Annotated photo localization data:
--------------------

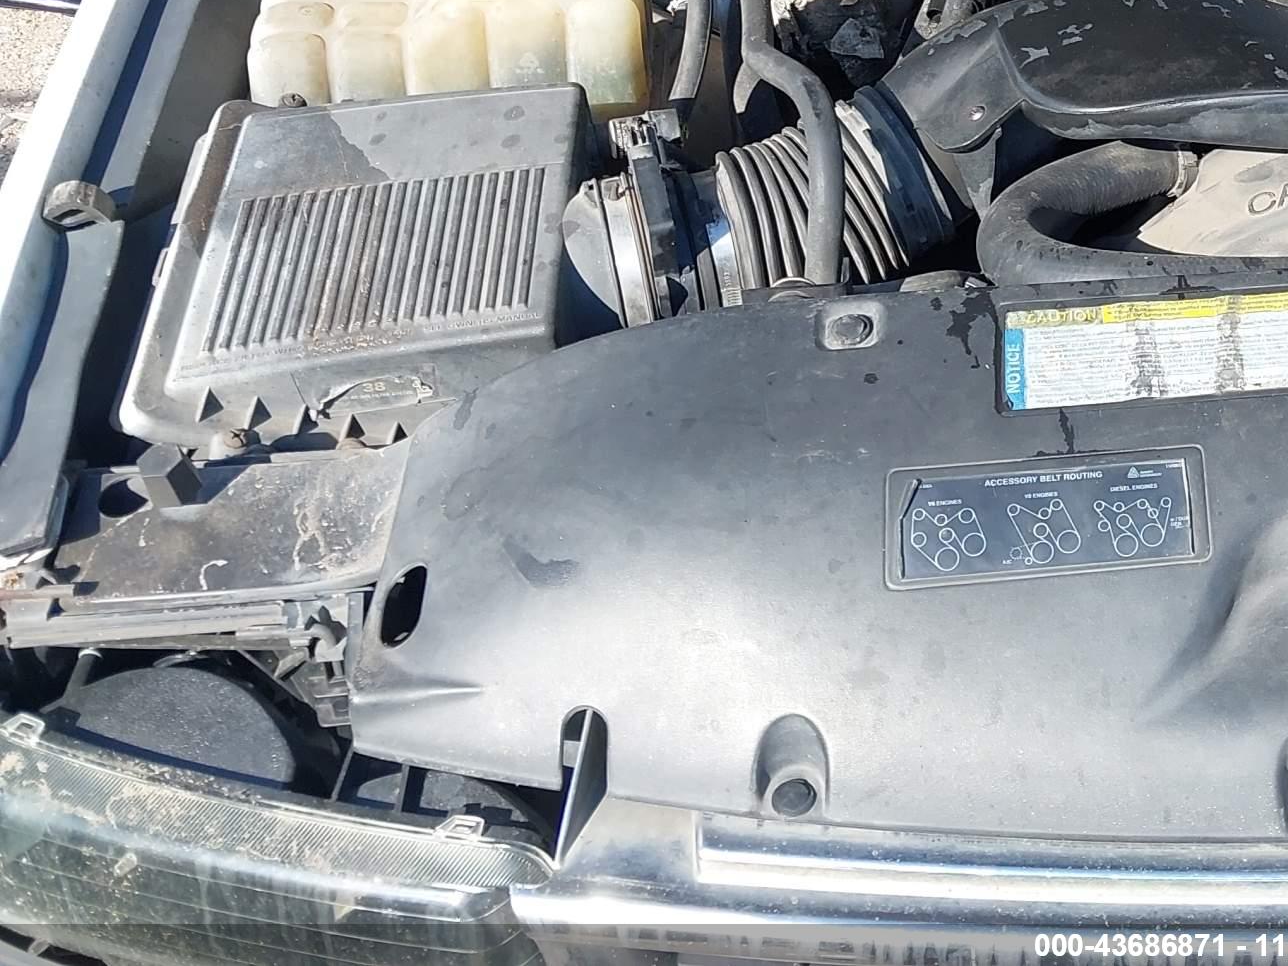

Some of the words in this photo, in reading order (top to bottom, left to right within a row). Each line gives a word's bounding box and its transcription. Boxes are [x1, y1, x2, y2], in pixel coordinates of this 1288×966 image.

[1026, 309, 1098, 324] CAUTION
[1006, 343, 1021, 394] NOTICE
[362, 382, 386, 393] 38
[984, 475, 1038, 487] ACCESSORY
[1039, 473, 1062, 483] BELT
[1063, 470, 1103, 481] ROUTING
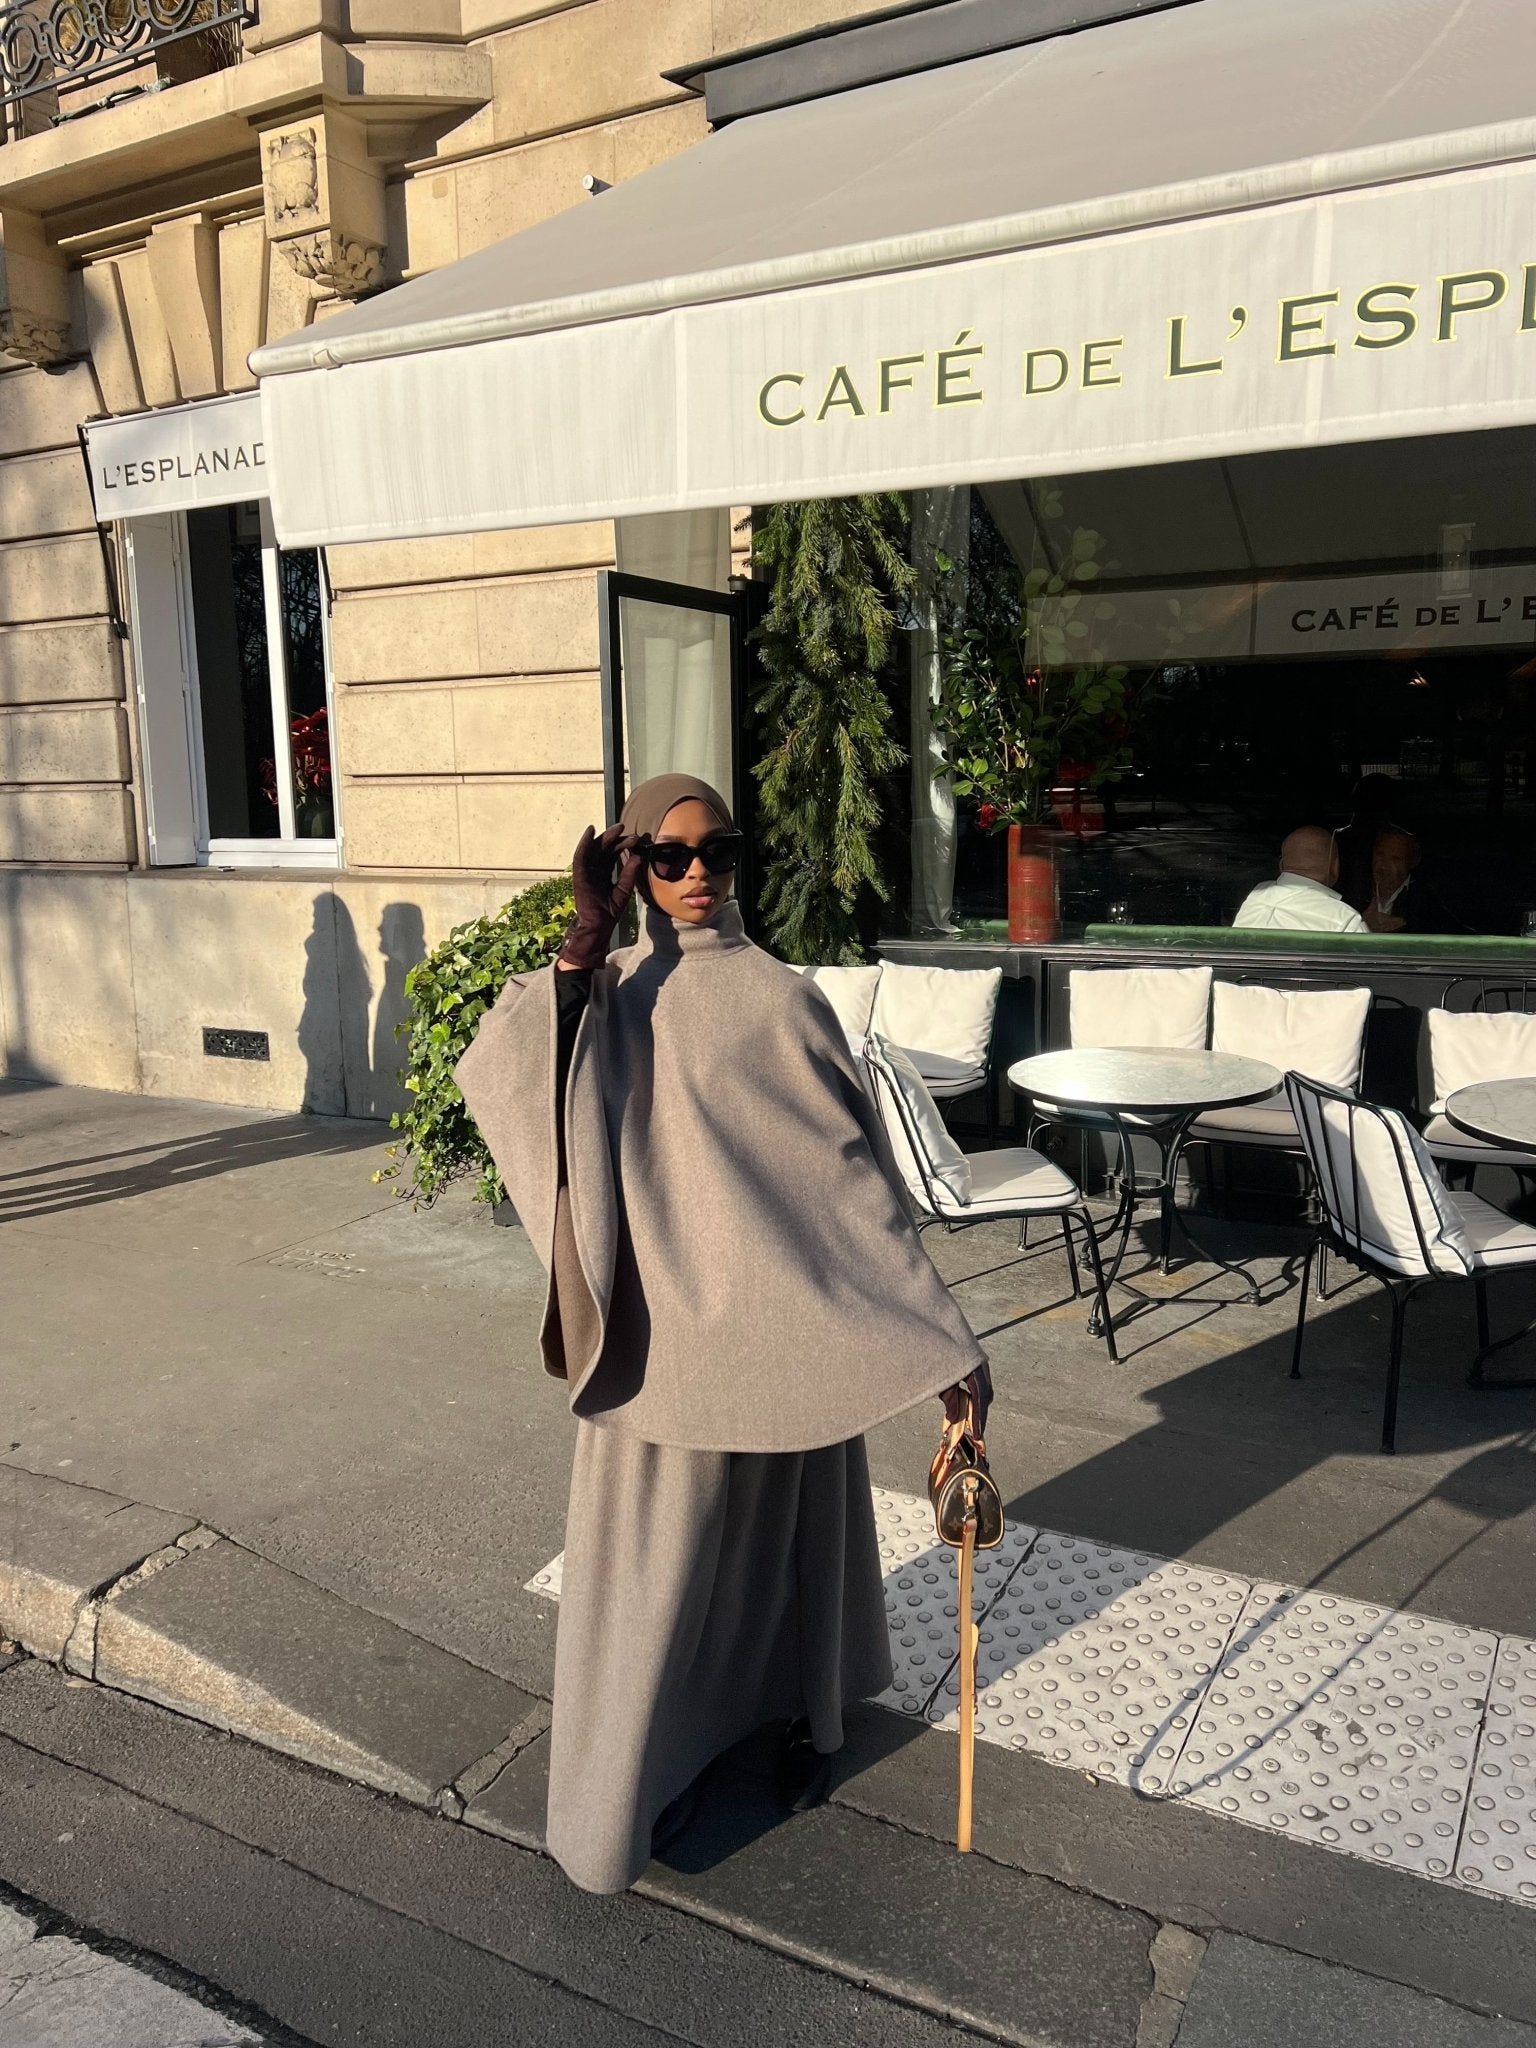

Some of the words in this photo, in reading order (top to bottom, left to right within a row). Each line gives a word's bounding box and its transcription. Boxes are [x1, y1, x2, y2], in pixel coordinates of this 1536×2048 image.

[758, 327, 984, 427] CAFÉ
[1024, 335, 1124, 397] DE
[1291, 597, 1399, 632] CAFÉ
[1415, 605, 1460, 626] DE

--------------------

TASK DIRECTIONS:
An exact copy of the entries, without any pictures, is what the answer should be.

SOLUTION:
Some of the words in this photo, in reading order (top to bottom, left to right within a row). Each line gives a word's bounding box and its transcription. Boxes are [x1, y1, x2, y2], in pixel coordinates of this 1288×966 image.

[1026, 309, 1098, 324] CAUTION
[1006, 343, 1021, 394] NOTICE
[362, 382, 386, 393] 38
[984, 475, 1038, 487] ACCESSORY
[1039, 473, 1062, 483] BELT
[1063, 470, 1103, 481] ROUTING

Some of the words in this photo, in reading order (top to bottom, left to right within a row). Each line gives a word's bounding box and its transcription. Boxes are [x1, y1, x2, y2], in pixel coordinates of this 1536×2048 image.

[758, 327, 984, 427] CAFÉ
[1024, 335, 1124, 397] DE
[1291, 597, 1399, 632] CAFÉ
[1415, 605, 1460, 626] DE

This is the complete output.